§ **What is needed**
Transcribe the listing exactly, skipping every picture.
(Recorded information begins)
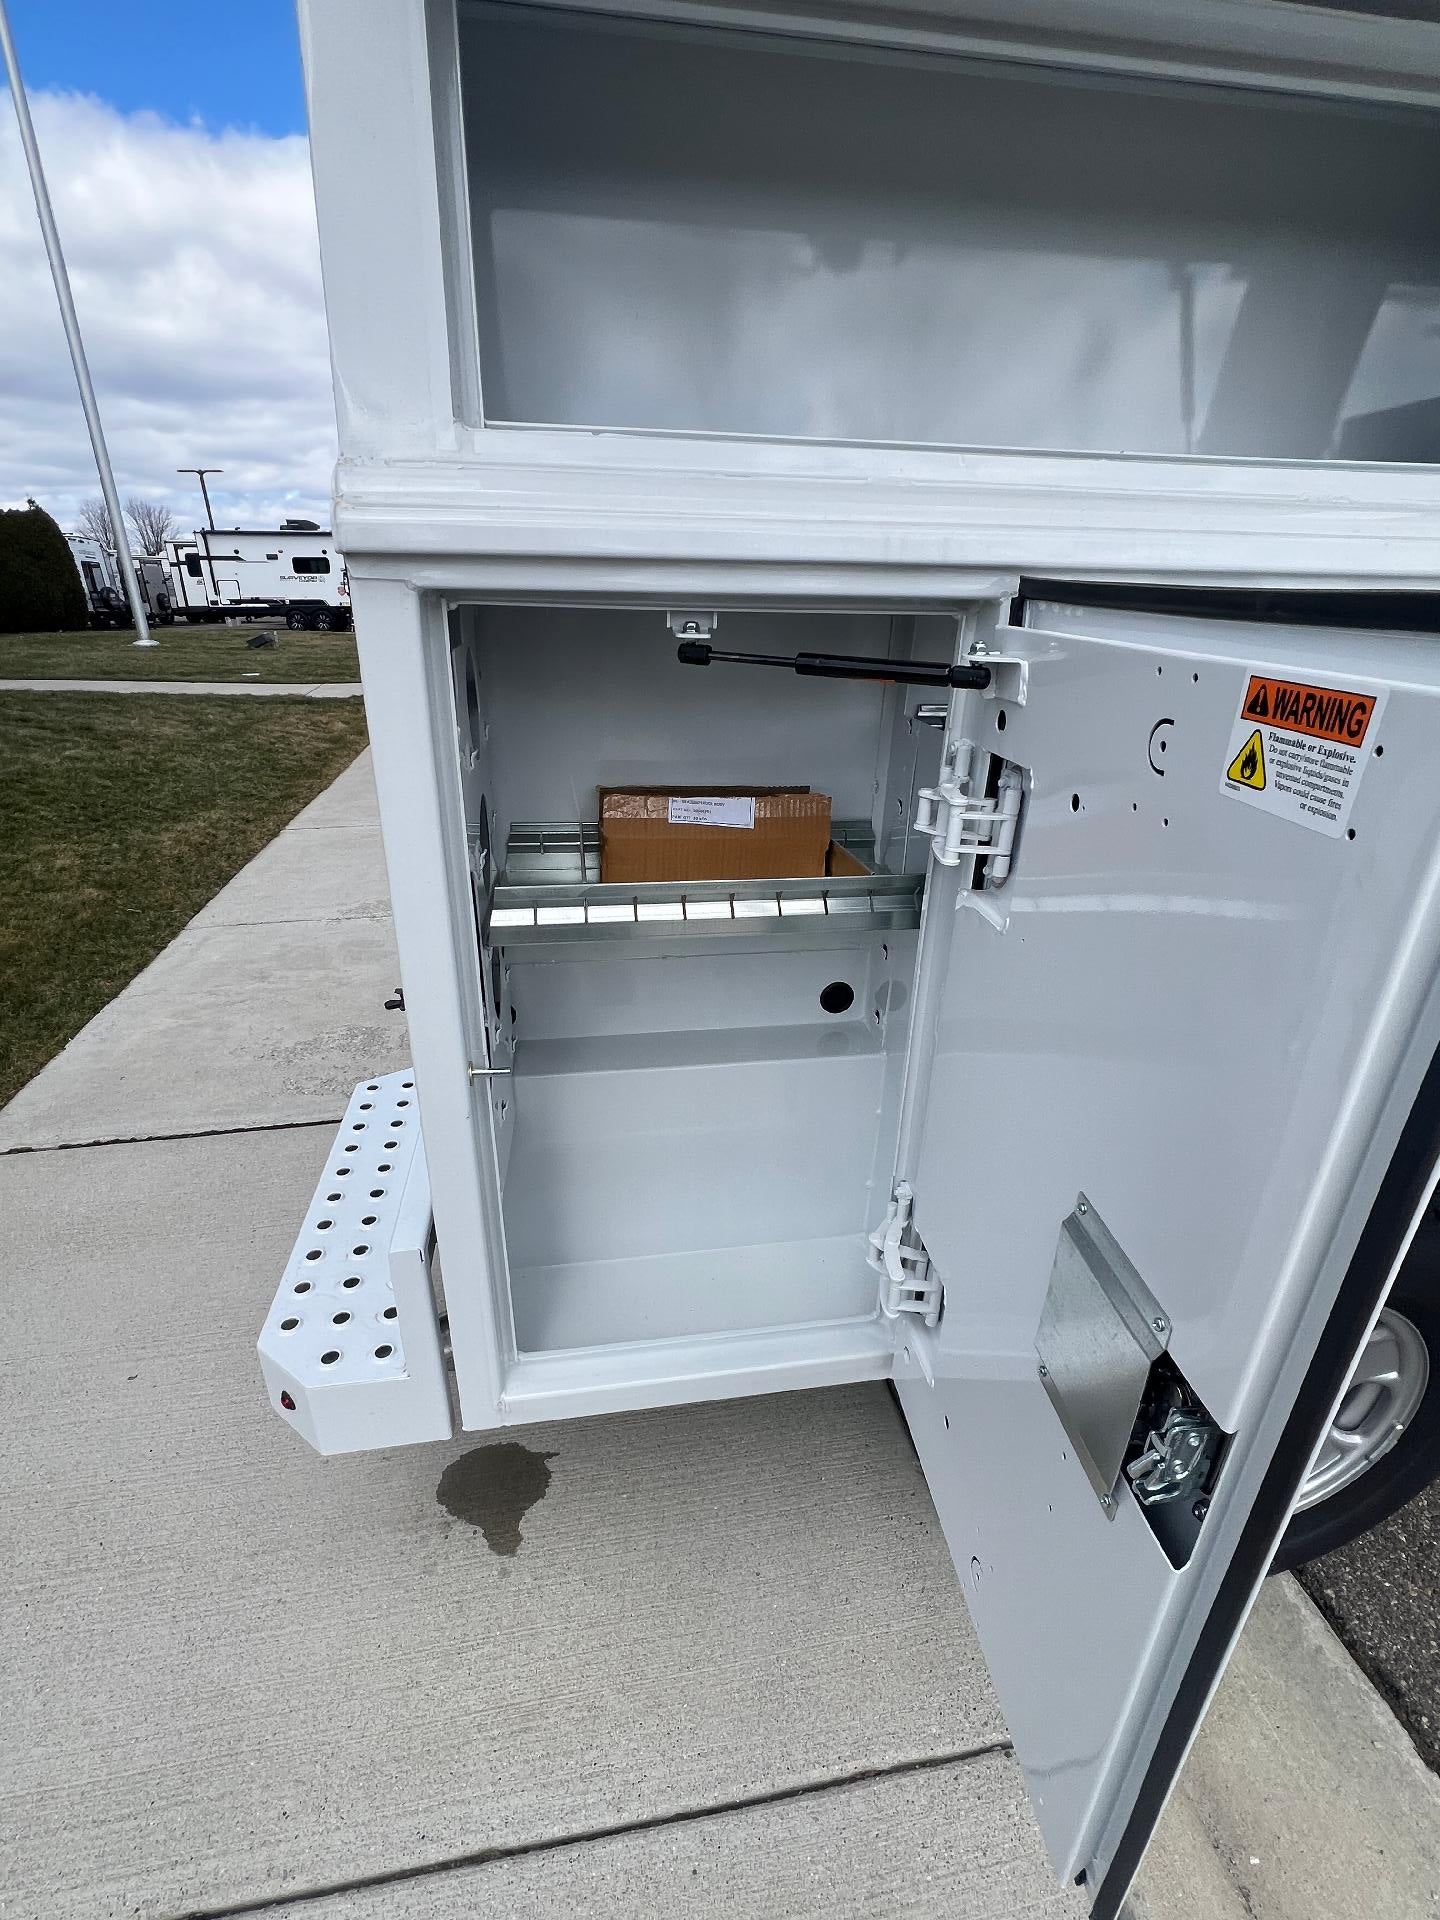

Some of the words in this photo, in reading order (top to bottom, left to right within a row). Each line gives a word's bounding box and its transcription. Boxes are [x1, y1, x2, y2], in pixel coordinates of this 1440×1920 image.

[1271, 686, 1367, 739] WARNING
[1268, 731, 1307, 750] Flammable
[1307, 744, 1317, 753] or
[1317, 744, 1357, 764] Explosive.
[1268, 744, 1278, 754] Do
[1278, 748, 1288, 757] not
[1319, 758, 1354, 776] flammable
[1275, 758, 1302, 773] explosive
[1341, 778, 1349, 788] in
[1274, 780, 1292, 794] Vapors
[1292, 787, 1309, 799] could
[1309, 794, 1327, 805] cause
[1327, 798, 1341, 811] fires
[1299, 801, 1308, 810] or
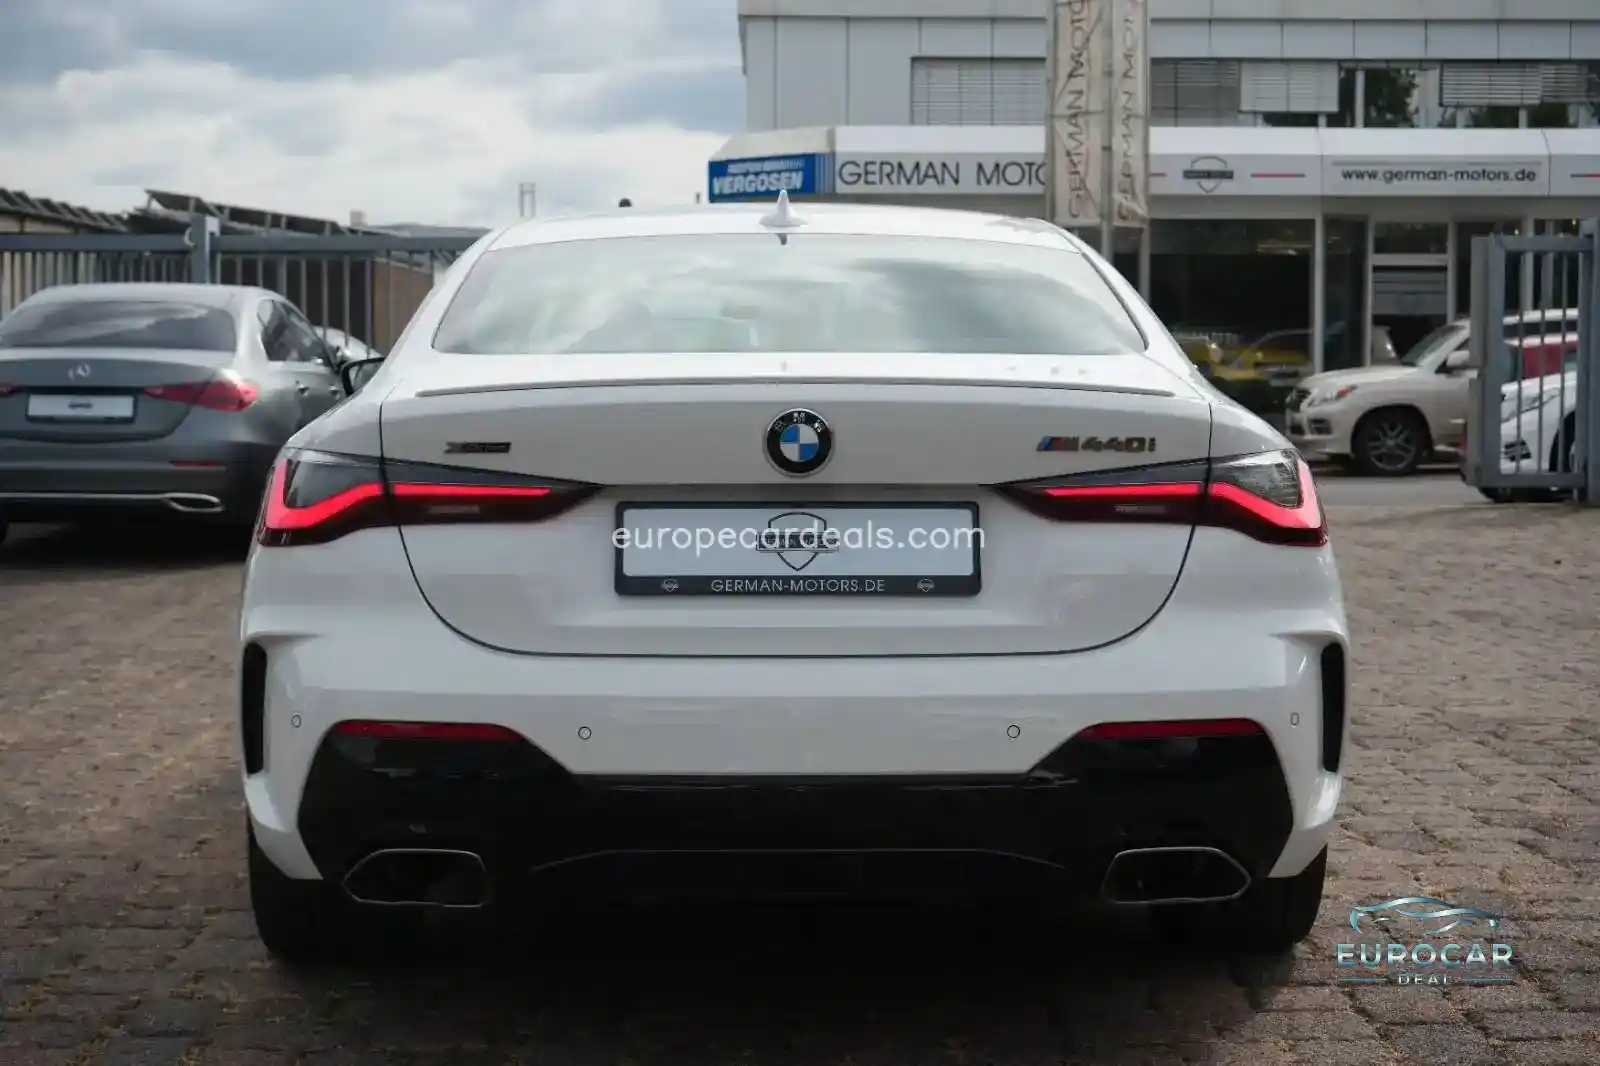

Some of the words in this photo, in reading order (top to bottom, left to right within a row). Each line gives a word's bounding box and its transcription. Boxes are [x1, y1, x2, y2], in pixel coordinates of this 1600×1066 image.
(Recorded information ends)
§ **Result for this task**
Some of the words in this photo, in reading order (top to bottom, left to right within a row). Each line gives a word's bounding box and its transcription. Boxes are [x1, y1, x2, y2], in pixel coordinates of this 1440×1920 image.

[1271, 686, 1367, 739] WARNING
[1268, 731, 1307, 750] Flammable
[1307, 744, 1317, 753] or
[1317, 744, 1357, 764] Explosive.
[1268, 744, 1278, 754] Do
[1278, 748, 1288, 757] not
[1319, 758, 1354, 776] flammable
[1275, 758, 1302, 773] explosive
[1341, 778, 1349, 788] in
[1274, 780, 1292, 794] Vapors
[1292, 787, 1309, 799] could
[1309, 794, 1327, 805] cause
[1327, 798, 1341, 811] fires
[1299, 801, 1308, 810] or

Some of the words in this photo, in reading order (top to bottom, left to right within a row). Each line gives a word's bounding box and its transcription. Boxes are [x1, y1, x2, y2], in pixel coordinates of this 1600×1066 image.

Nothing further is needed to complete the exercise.